Courageous Authenticity: Post-Election Reflections from the Academy for Leaders at Pendle Hill

By Valerie Brown and Gayle Williams

“Is it possible to become more intentional about creating spaces – in relationship, community – where our fearful shadows can emerge into the light to be seen for what they are, when the truth and love within us can appear and make a claim on our lives?”

 – Parker J. Palmer


We began the Academy for Leaders on November 10, 2016, two days after one of the most emotionally divisive, tumultuous, and contentious presidential elections in U.S. history.

As leaders from around the U.S. and Canada took their place in the circle we had planned and co-created, “fearful shadows” were present. We felt the weight and the urgency of the moment. On the opening night, the room was filled with grief and anxiety, and a cold silence was palpable. Some leaders were totally exhausted, having gotten very little sleep the night before.

Following the election events and sensing the growing nationwide sentiment of anxiety and tension, Gayle and I re-worked the opening to focus on inviting space and time to breathe, to talk about the immediacy of our feelings. This re-working of the opening was very carefully crafted—not knowing Trump or Clinton supporters in the room. Our goal in this opening session was to create trust and emotional safety for everyone.
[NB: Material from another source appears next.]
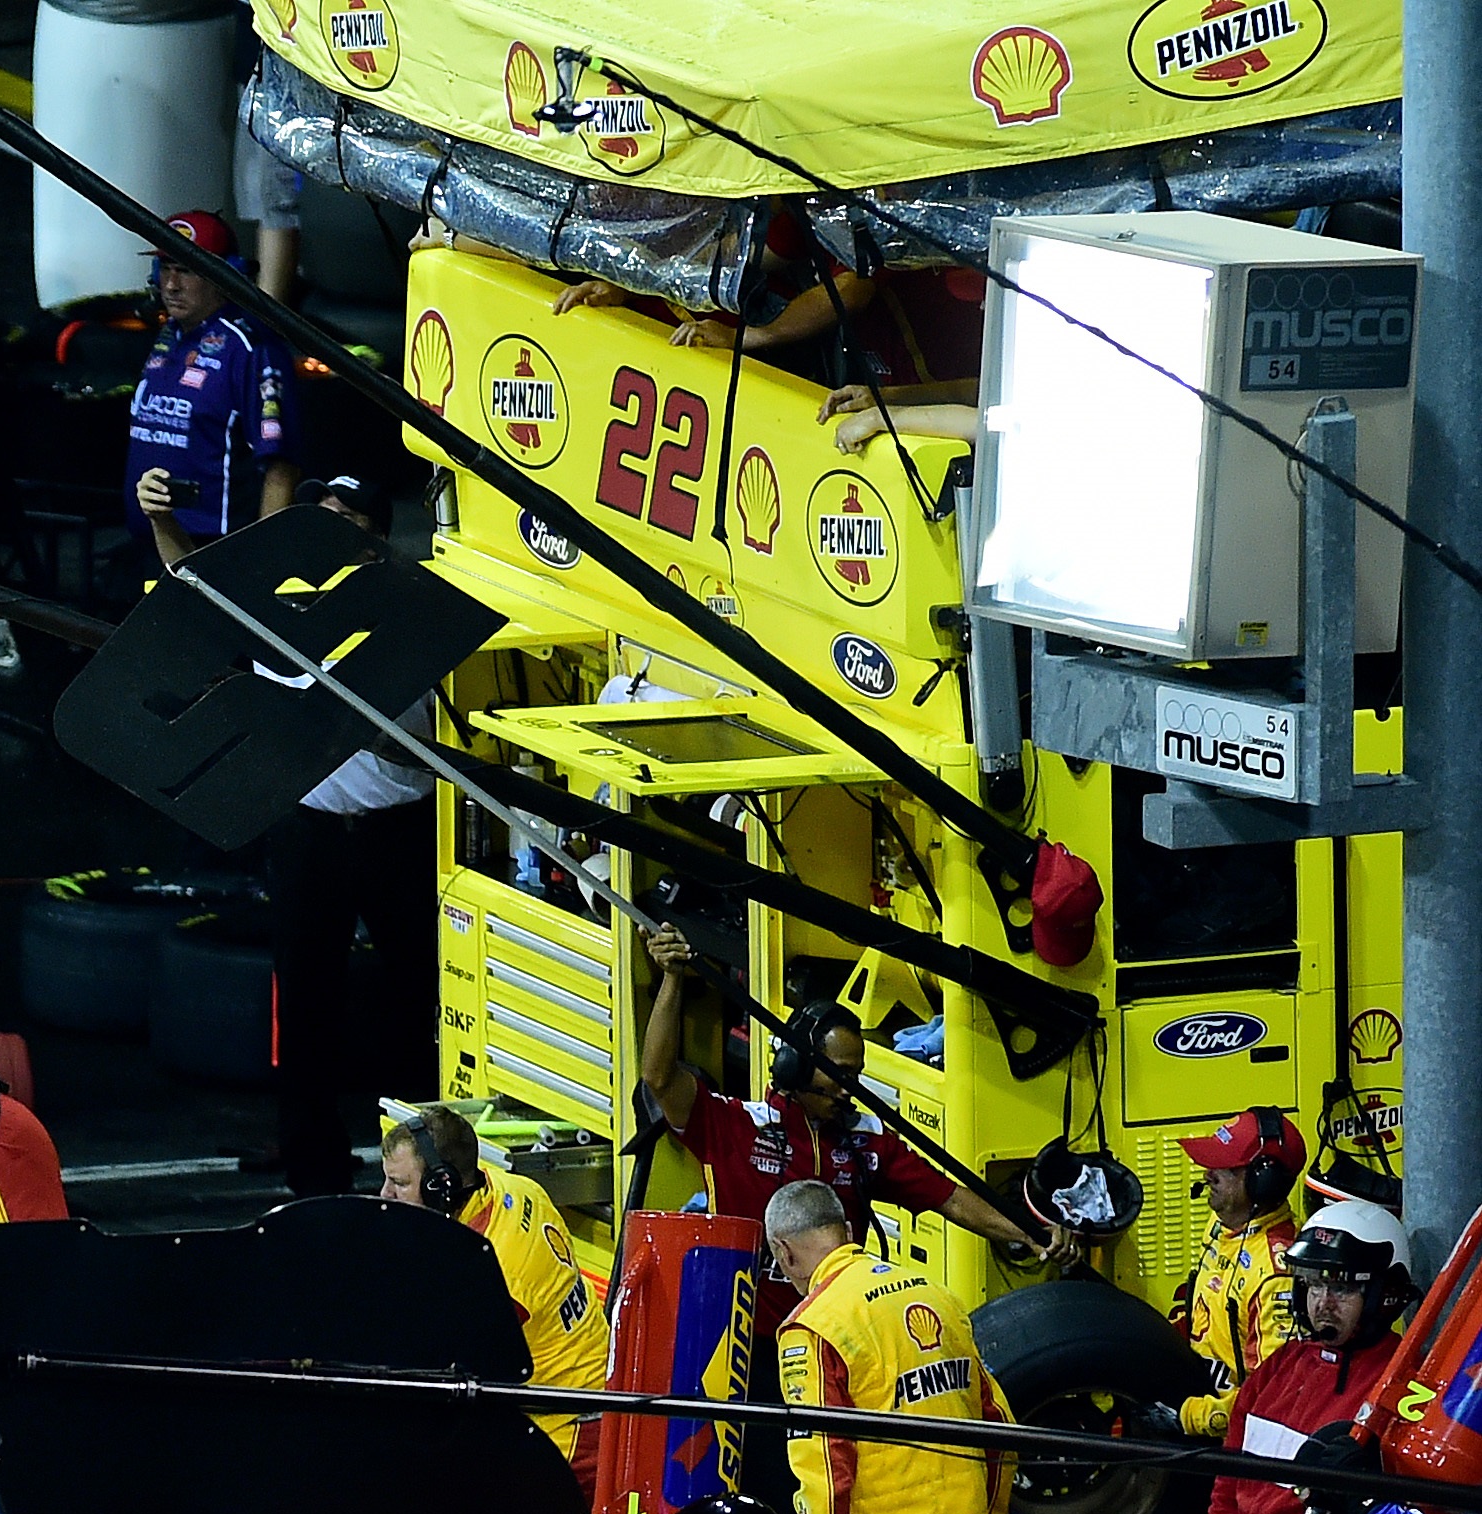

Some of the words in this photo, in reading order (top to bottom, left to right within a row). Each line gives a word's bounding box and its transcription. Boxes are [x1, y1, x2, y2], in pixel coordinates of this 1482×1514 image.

This meant allowing for expression of true self – not masked by political correctness, winning approval, or looking good. We wanted a real-time discussion of the election to allow the group to express out loud was what palpably felt in the room, not avoiding or sugar-coating conflict, and yet speaking with honesty and integrity. As co-leaders, it also meant being aware of our own underlying assumptions, expectations, and biases, what unconscious beliefs we might bring into the discussion and into the room. We knew that to create trust it was important to discuss our feelings, emotions, and vulnerabilities, and yet we did not want the discussion to spin out of control, or degrade into an ‘us against them’ free-for-all.
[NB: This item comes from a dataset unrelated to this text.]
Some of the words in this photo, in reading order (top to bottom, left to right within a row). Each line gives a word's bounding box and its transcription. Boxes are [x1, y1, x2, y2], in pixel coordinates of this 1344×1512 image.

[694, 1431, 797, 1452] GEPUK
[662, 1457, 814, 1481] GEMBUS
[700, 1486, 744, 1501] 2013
Gradually, over the four-day retreat, using Courage & Renewal practices and principles, and with the amazing, loving, and generous support of Pendle Hill staff, our group of nearly thirty leaders shifted dramatically from fear and grief to self-care, renewal of soul and role in the world, and support for each other. Many people looked visibly different – lighter, calmer, less tense – by the end of the retreat.

Courageous Authenticity – Discussing the Elephant in the Room: A Blueprint

We tenderly opened what we anticipated might be a strongly emotional discussion about the election by first reading an excerpt from Parker’s A Hidden Wholeness about “the blizzard of the world” that we now find ourselves post-election. We invited the range of emotions and sought to create safe space for everyone by actively exploring the Center for Courage & Renewal’s Touchstones, guidelines for engaging self and others. Using the Touchstones, we offered participants time to reflect individually, in dyads, and within the large group. Finally, we invited the leaders to trust the wisdom of their bodies with this three to four minute breath and body practice.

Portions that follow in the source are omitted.